*What you are asked to do:* Character for character, transcribe the entries below, minus the images.

=======

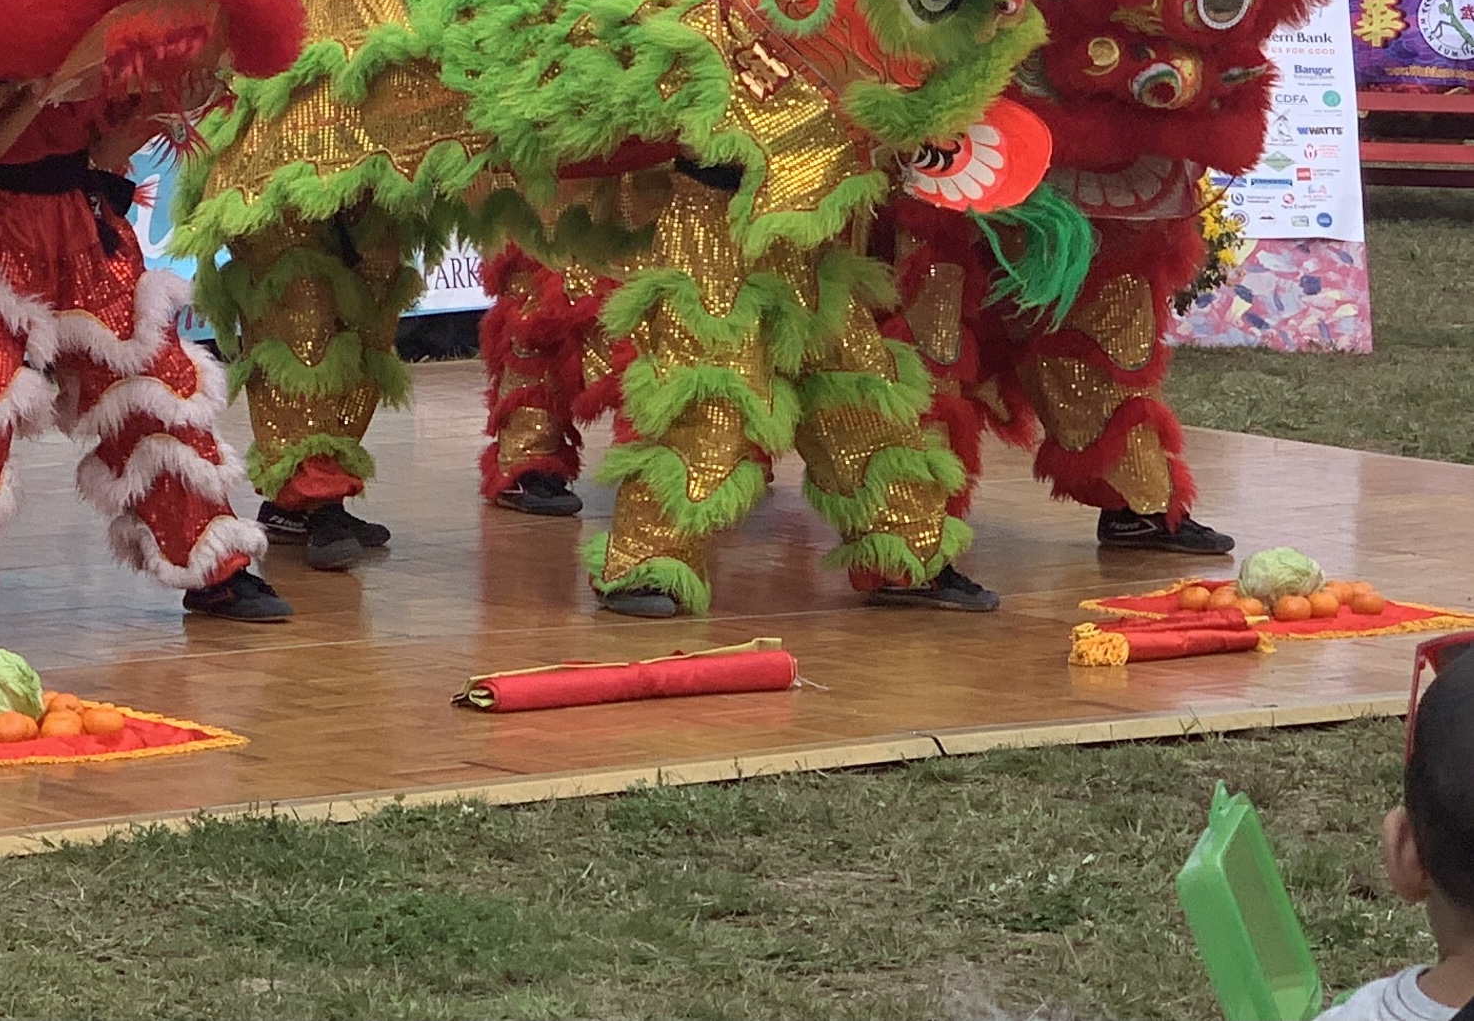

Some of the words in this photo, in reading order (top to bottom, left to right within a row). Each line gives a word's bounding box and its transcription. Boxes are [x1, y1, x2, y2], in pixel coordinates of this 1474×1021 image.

[1269, 33, 1294, 43] ern
[1297, 32, 1332, 43] Bank
[1294, 64, 1333, 76] Bangor
[1275, 94, 1308, 104] CDFA
[1308, 126, 1344, 135] WATTS
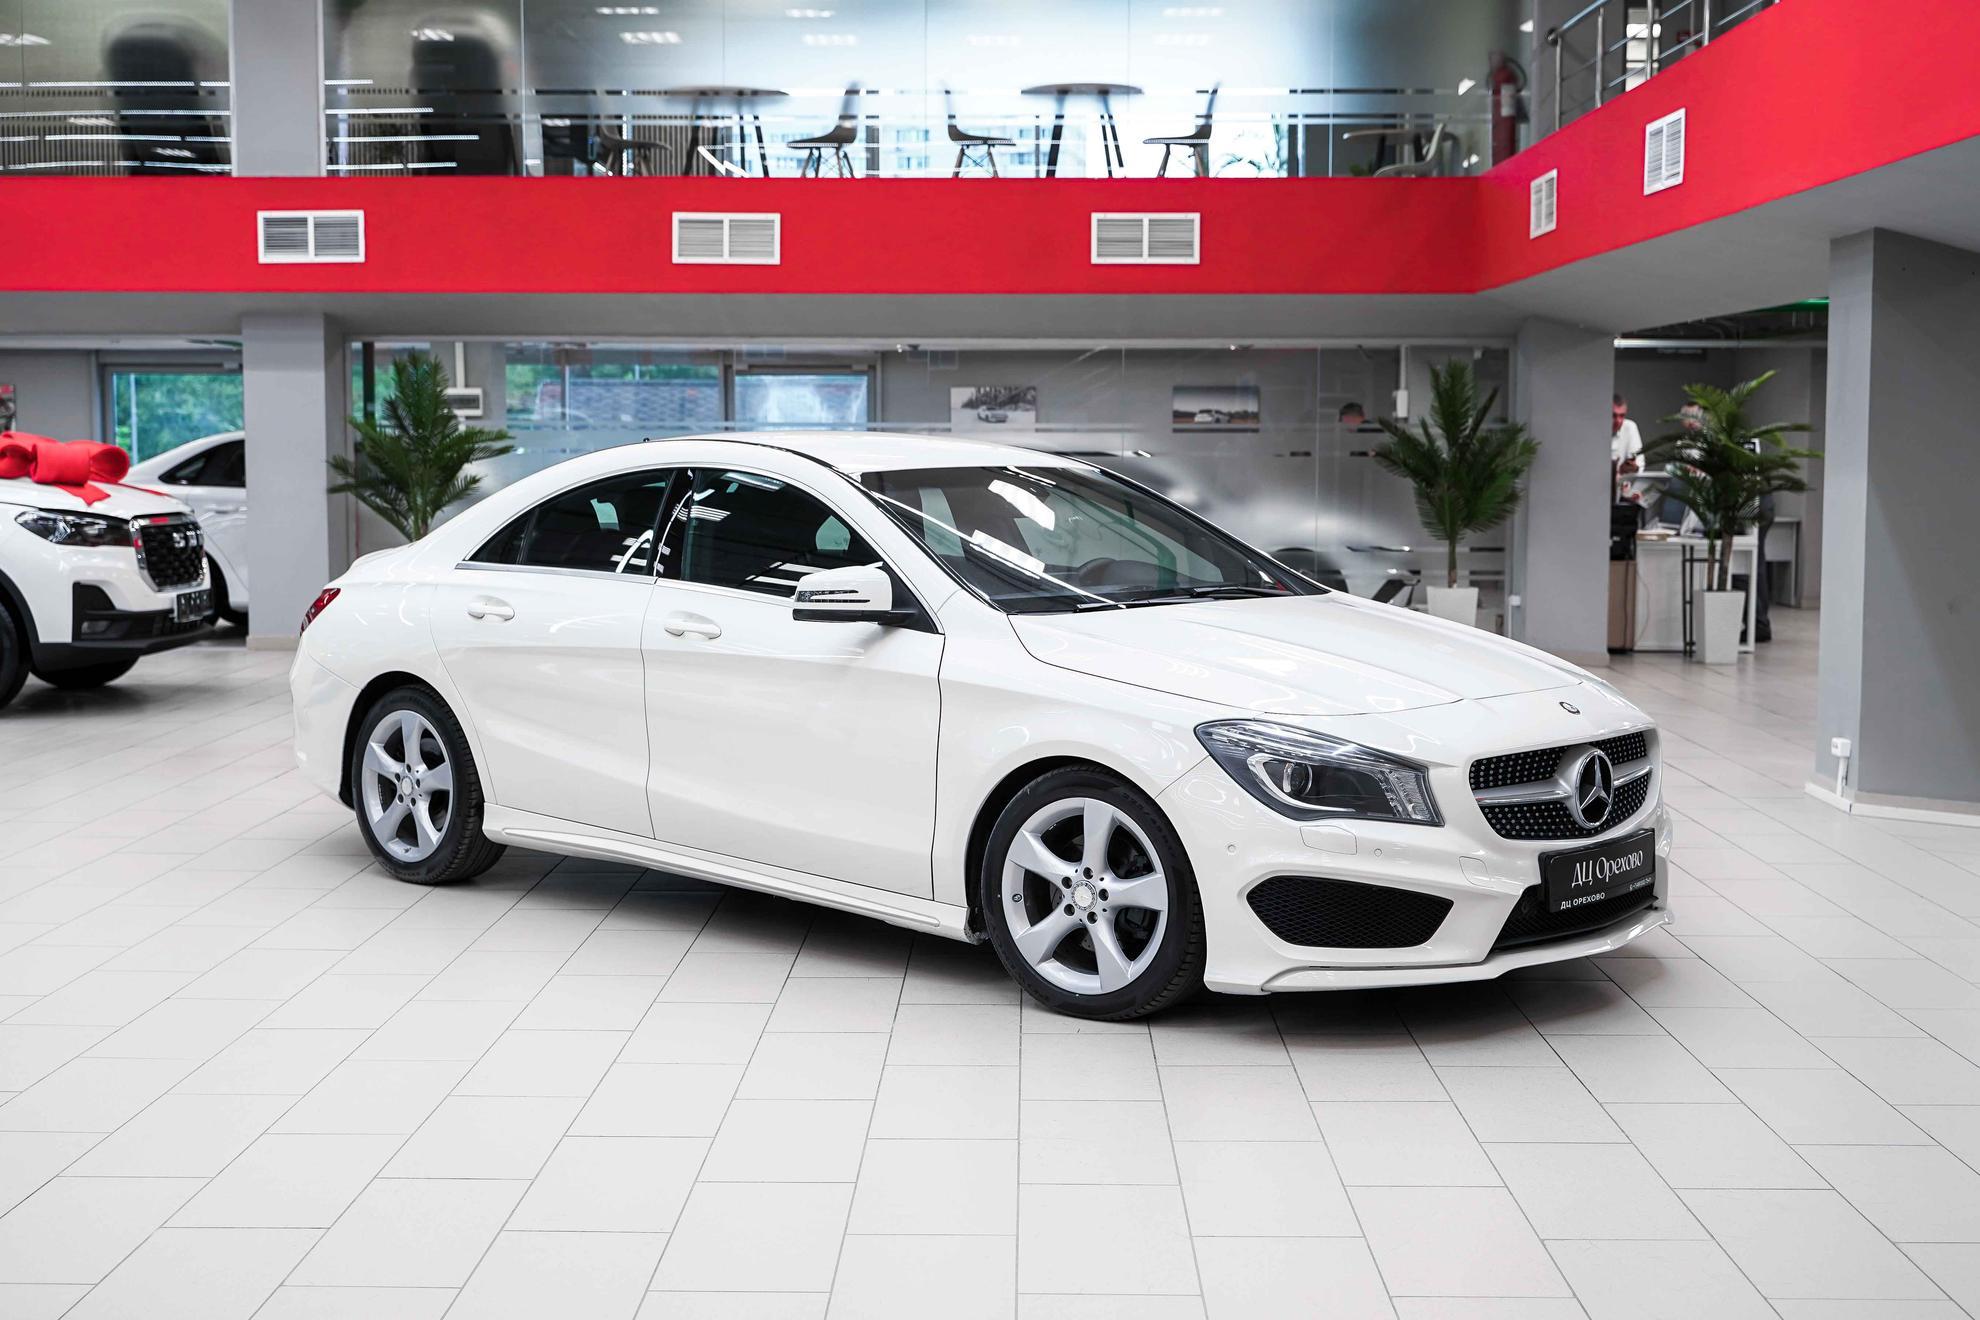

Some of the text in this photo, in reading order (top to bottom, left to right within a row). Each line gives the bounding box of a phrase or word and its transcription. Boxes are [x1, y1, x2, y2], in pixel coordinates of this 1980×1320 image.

[1571, 850, 1643, 888] ДЦ Орехово
[1560, 892, 1605, 910] ДЦ ОРЕХОВО
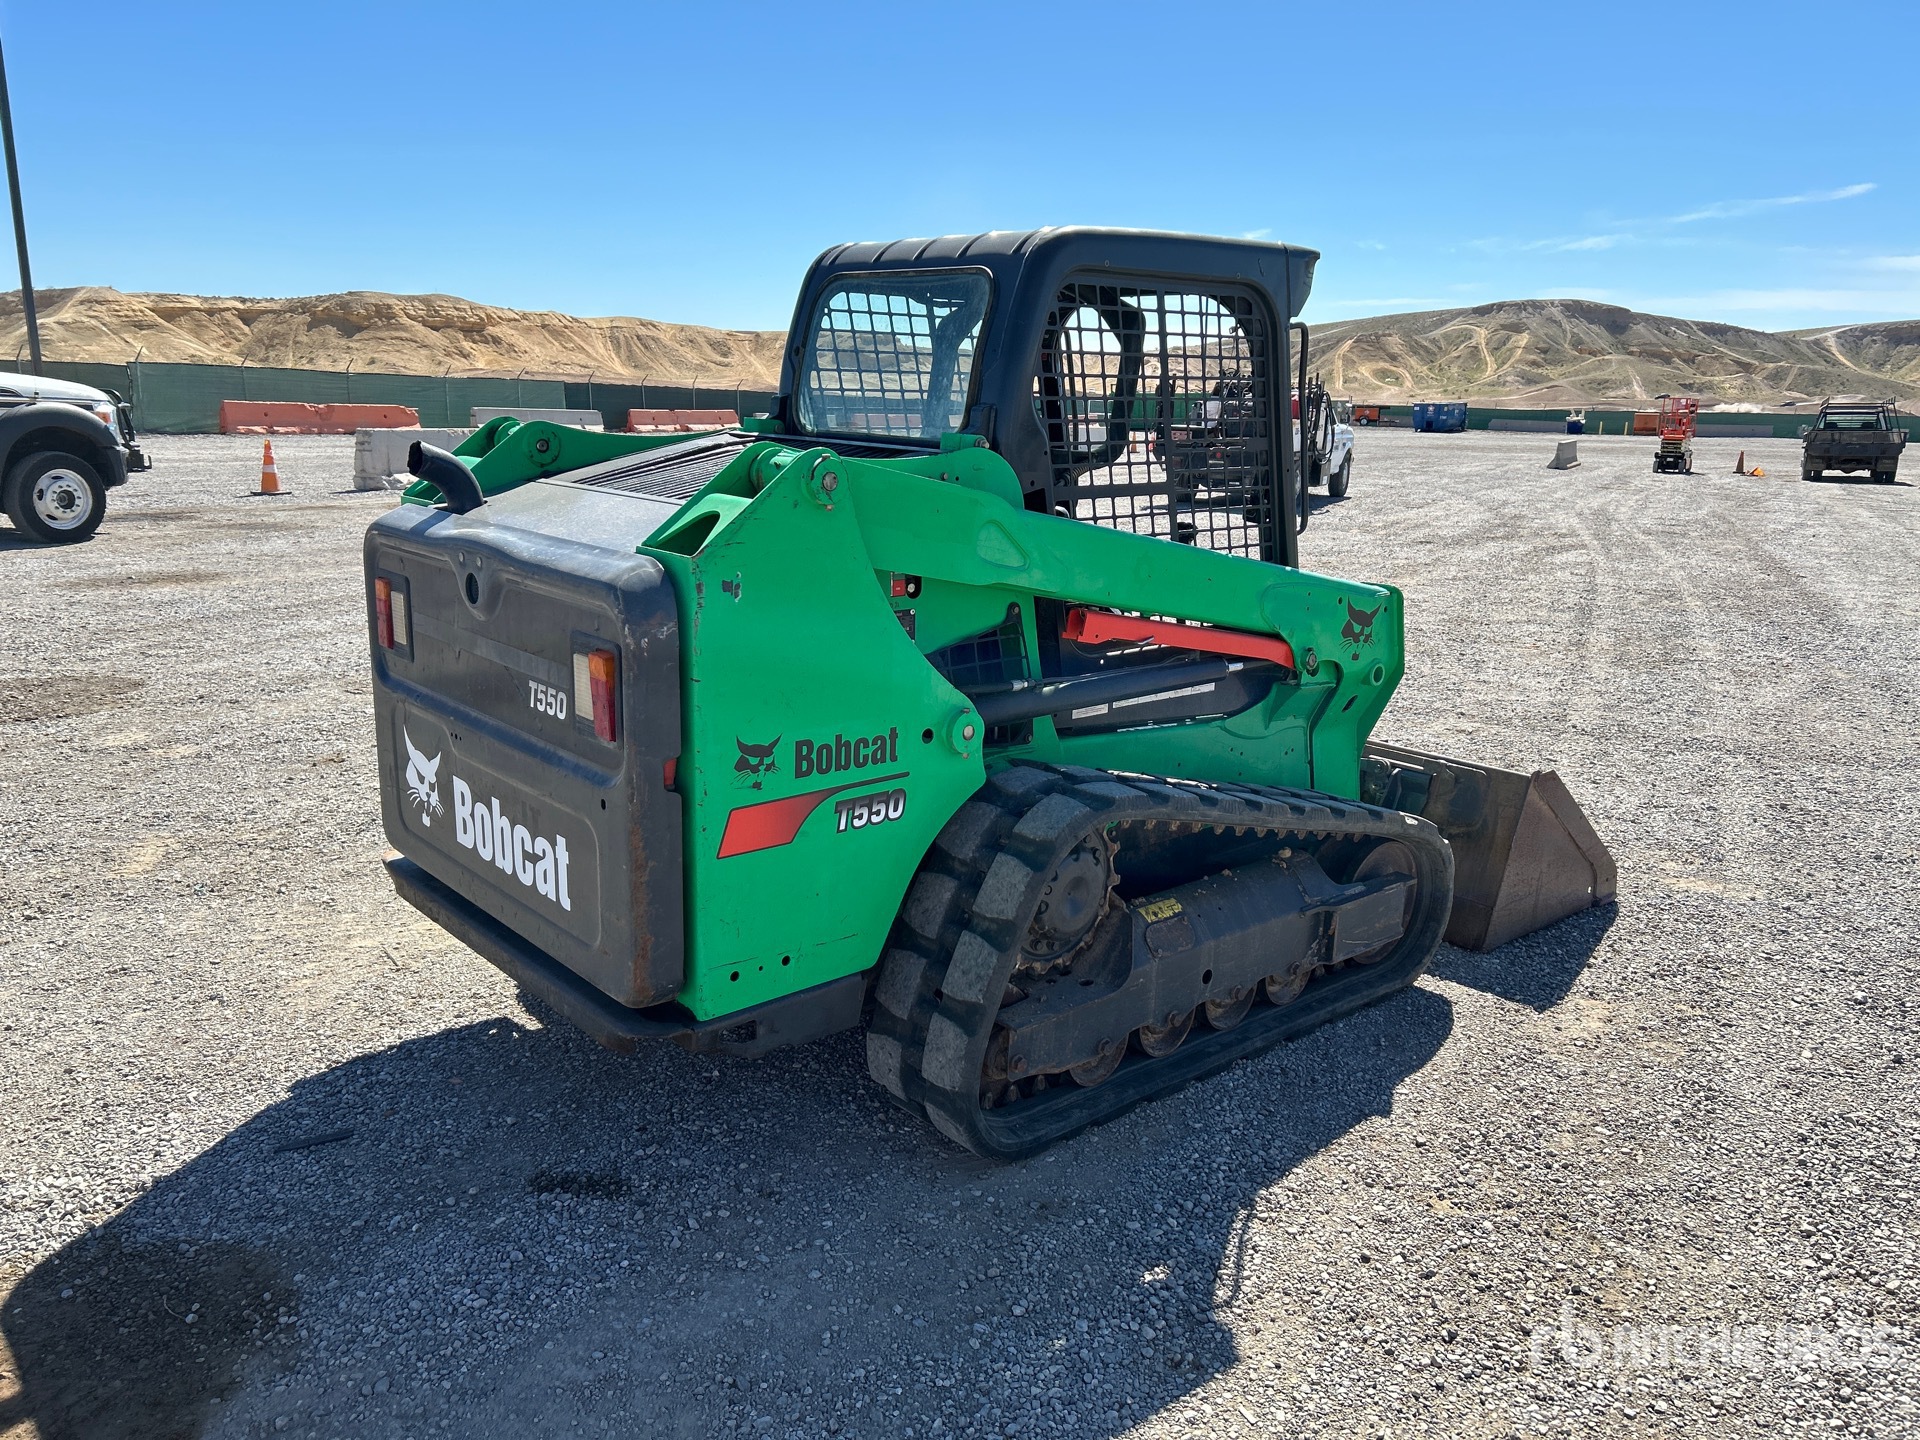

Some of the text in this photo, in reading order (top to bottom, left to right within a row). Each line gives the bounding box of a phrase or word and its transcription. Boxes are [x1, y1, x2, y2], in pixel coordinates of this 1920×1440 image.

=======

*Exercise response:*
Some of the words in this photo, in reading order (top to bottom, left to right within a row). Each line gives a word's bounding box and its transcription. Boxes are [x1, y1, x2, y2], in pixel coordinates of this 1474×1021 image.

[1269, 33, 1294, 43] ern
[1297, 32, 1332, 43] Bank
[1294, 64, 1333, 76] Bangor
[1275, 94, 1308, 104] CDFA
[1308, 126, 1344, 135] WATTS

Some of the text in this photo, in reading order (top to bottom, left to right within a row). Each line gives the bounding box of a phrase or word and its transcription. Boxes are [x1, y1, x2, y2], in pixel coordinates of this 1980×1320 image.

[1571, 850, 1643, 888] ДЦ Орехово
[1560, 892, 1605, 910] ДЦ ОРЕХОВО

Some of the text in this photo, in reading order (top to bottom, left to right within a row). Each line gives the bounding box of a phrase or word and its transcription. Boxes are [x1, y1, x2, y2], in pixel coordinates of this 1920×1440 image.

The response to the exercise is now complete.